I have a non mol against my DDs dad, due to him being abusive.
He's a patient at the GP surgery where I work. I haven't seen him yet when he's turned up, I work part time - but it's only a matter of time as he's in there quite frequently with pretty severe MH issues. Im not sure what I can do really.
I'm pretty sure he's talking to my colleagues about me. Just the way a doctor he sees has been acting towards me this past week.
He does things like goes into my mums work and starts saying to her colleagues - oh I bet you've heard loads of lies about me etc. When of course they have no clue who he is.
He suffers with delusions/ paranoia and believes I've done some pretty horrendous things. Needless to say I haven't. But I'm sure he's telling my colleagues some really disturbing things about me (as his paranoia mainly focuses around me, and he believes me to be the root cause of all of his problems, I don't doubt I come up in conversation).
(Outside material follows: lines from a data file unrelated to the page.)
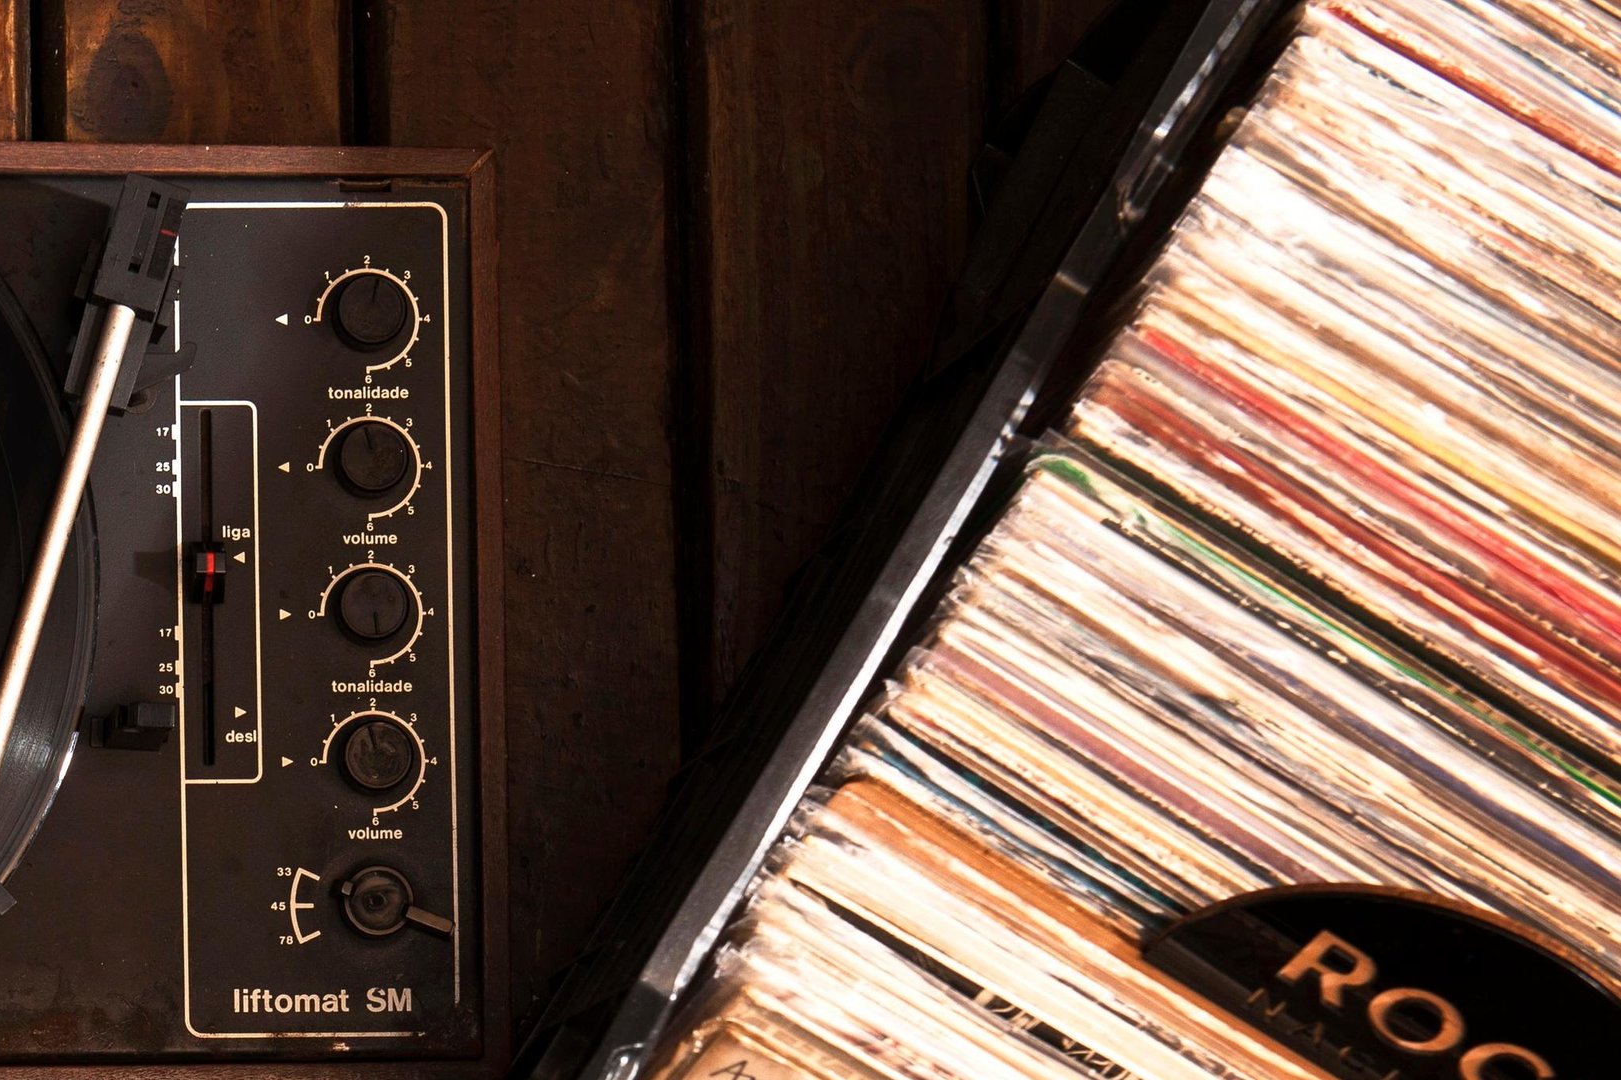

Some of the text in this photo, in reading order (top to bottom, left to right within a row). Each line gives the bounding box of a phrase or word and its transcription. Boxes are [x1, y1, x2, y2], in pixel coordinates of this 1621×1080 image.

[364, 255, 370, 264] 2
[325, 271, 330, 279] 1
[404, 271, 410, 279] 3
[305, 315, 311, 324] 0
[406, 359, 412, 367] 5
[365, 375, 372, 383] 6
[328, 386, 408, 399] tonalidade
[366, 403, 372, 411] 2
[326, 419, 331, 427] 1
[406, 418, 412, 426] 3
[157, 427, 169, 436] 17
[156, 462, 170, 471] 25
[307, 463, 313, 471] 0
[156, 485, 171, 494] 30
[408, 506, 414, 515] 5
[367, 523, 373, 531] 6
[223, 526, 250, 540] liga
[343, 532, 397, 544] volume
[368, 550, 374, 558] 2
[328, 566, 332, 574] 1
[409, 565, 415, 573] 3
[309, 610, 315, 619] 0
[428, 608, 434, 616] 4
[160, 629, 171, 637] 17
[410, 653, 416, 662] 5
[159, 663, 173, 672] 25
[369, 669, 375, 677] 6
[160, 686, 173, 694] 30
[332, 680, 412, 692] tonalidade
[370, 698, 376, 706] 2
[330, 714, 335, 722] 1
[410, 713, 417, 723] 3
[226, 730, 256, 742] desl
[311, 758, 317, 766] 0
[431, 757, 437, 765] 4
[413, 801, 419, 809] 5
[372, 817, 379, 825] 6
[348, 827, 402, 839] volume
[278, 868, 291, 876] 33
[271, 902, 285, 910] 45
[280, 936, 293, 944] 78
[234, 988, 411, 1013] liftomat SM
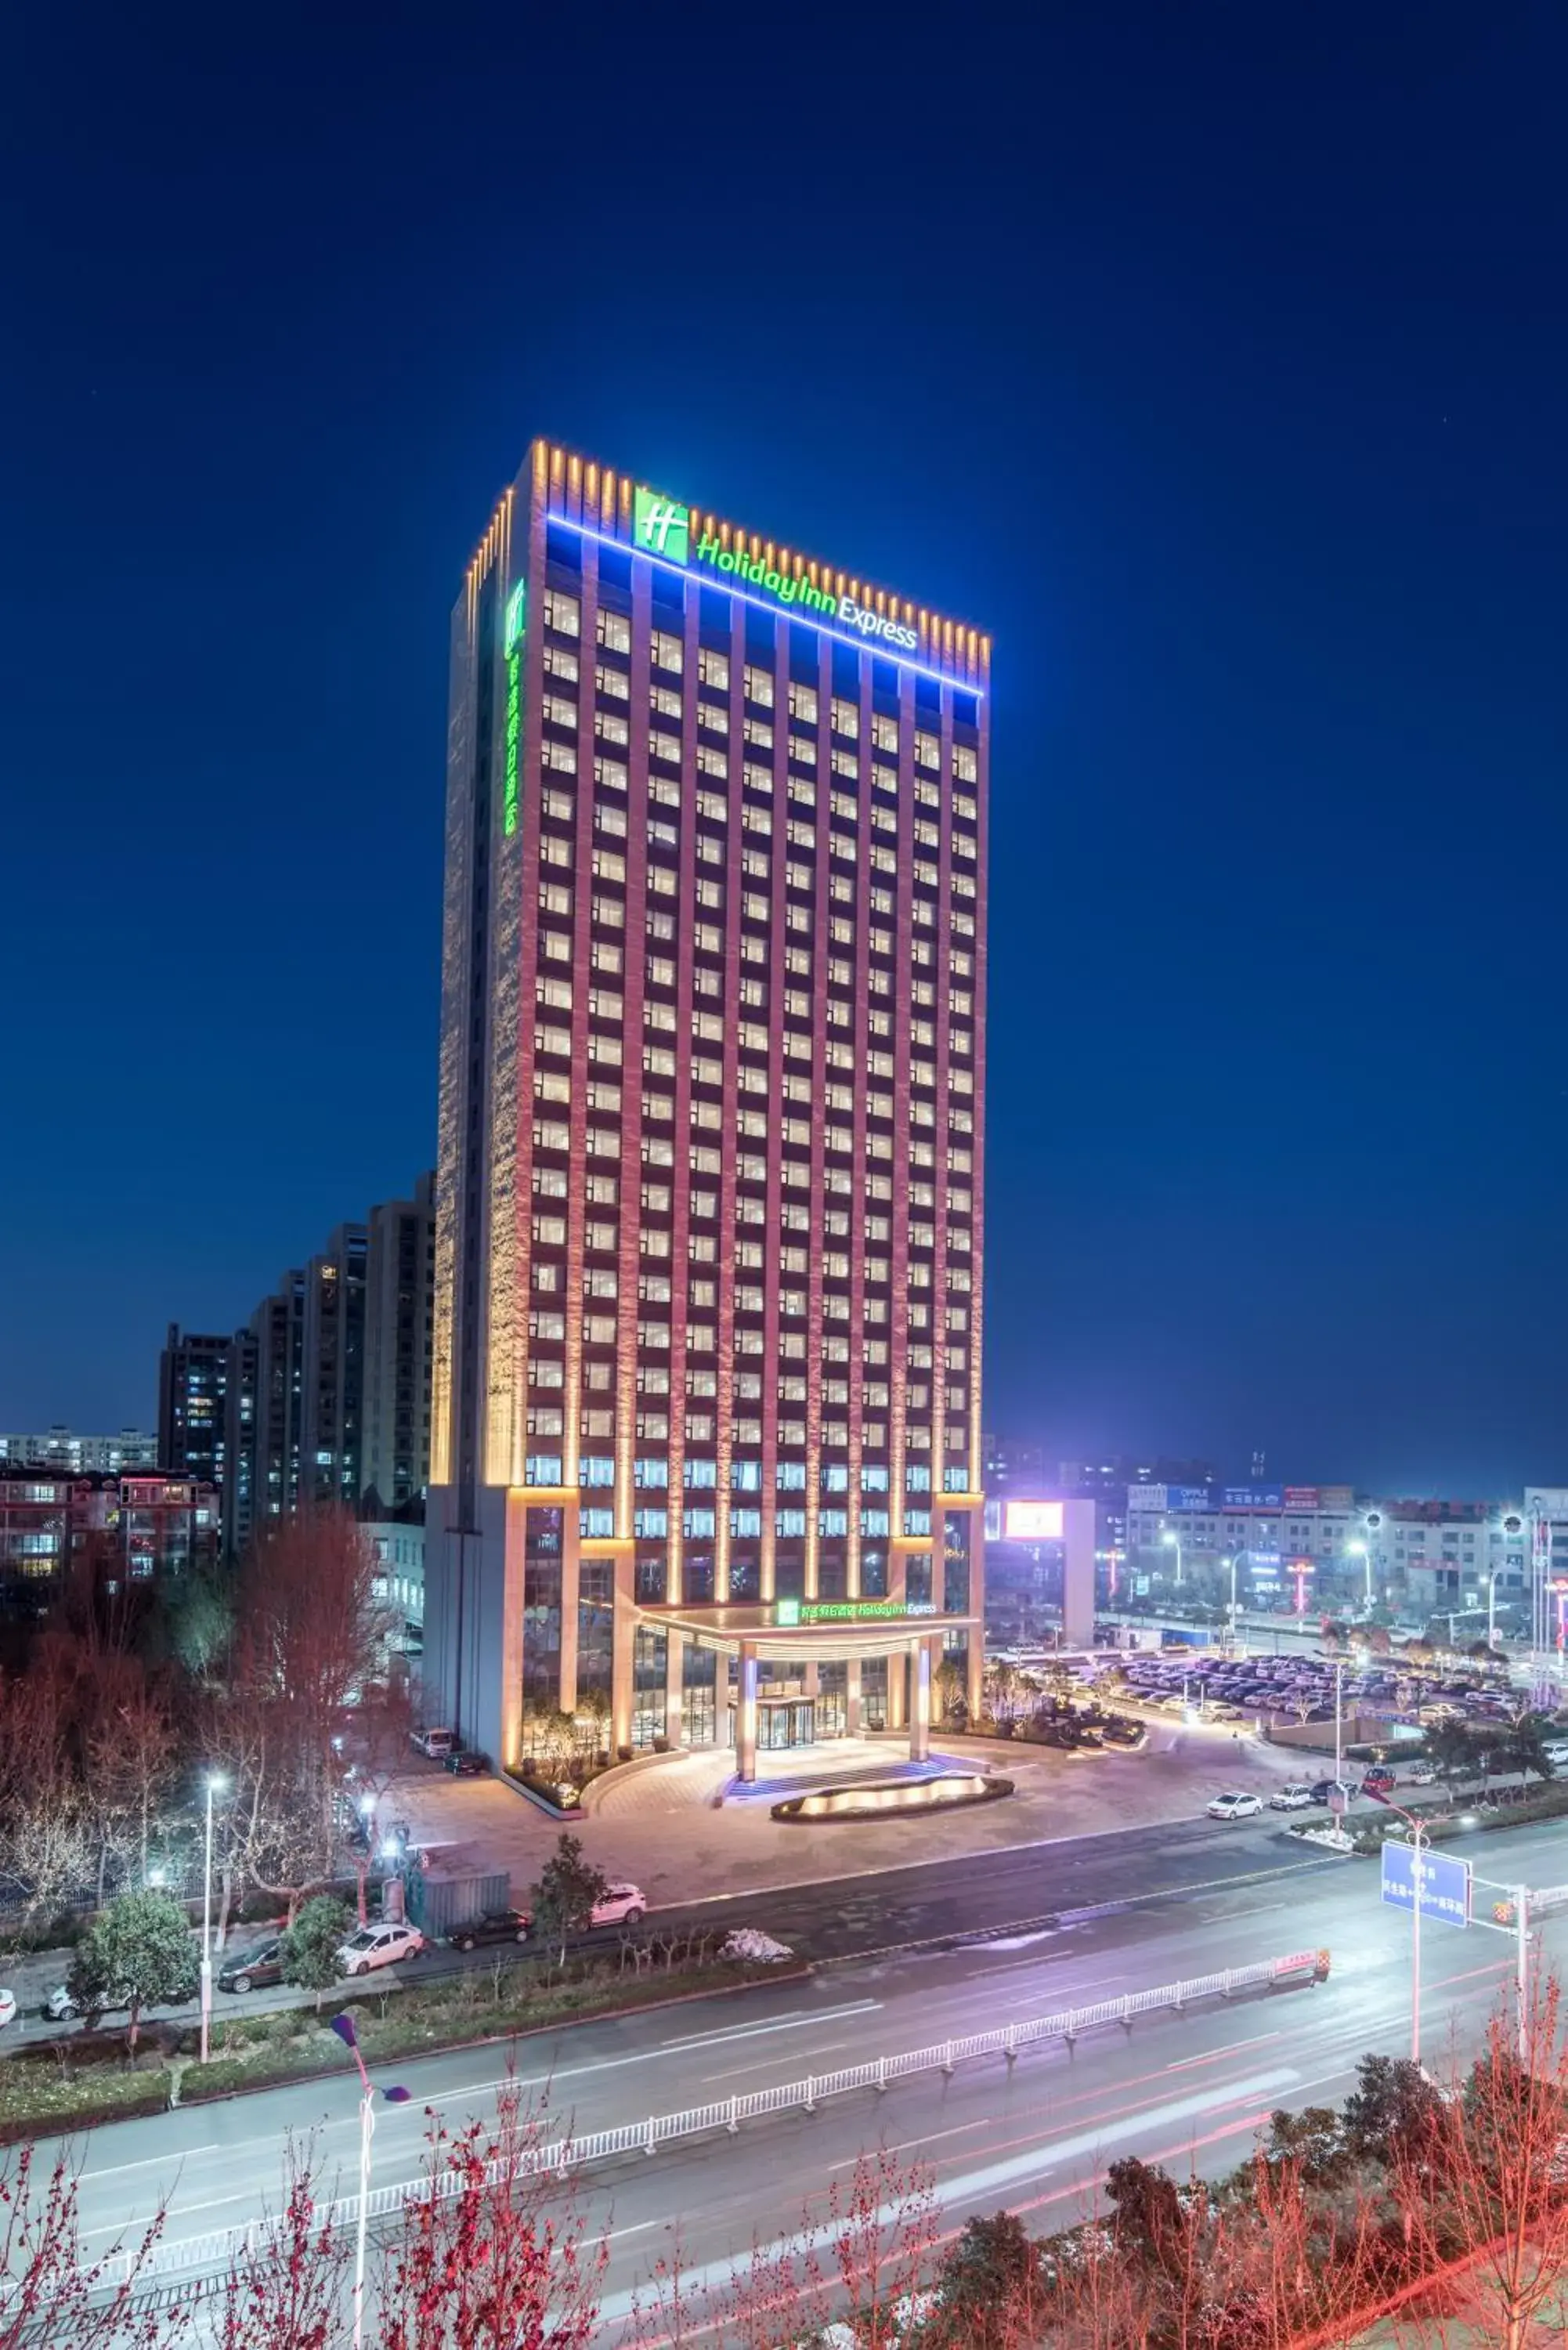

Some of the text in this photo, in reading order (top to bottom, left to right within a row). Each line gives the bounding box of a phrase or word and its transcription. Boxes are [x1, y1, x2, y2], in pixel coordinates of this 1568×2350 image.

I know he's entitled to GP care wherever he chooses, I know I can't get him to leave.
DV services said to speak to my manager, but I don't see how this could help really. They just advise this generally for safety. They're not sure about this particular situation as obviously it's quite niche. They were going to ask the GP present at my MARAC meeting if it would be appropriate to ask him to find another practice, but it doesn't look like they did.
I'm planning on leaving next Summer anyway once I graduate. But I feel I should be looking for another job now. I feel so embarrassed and anxious going into work. Just annoying as I like the people there and the job - and it works well around uni and DD.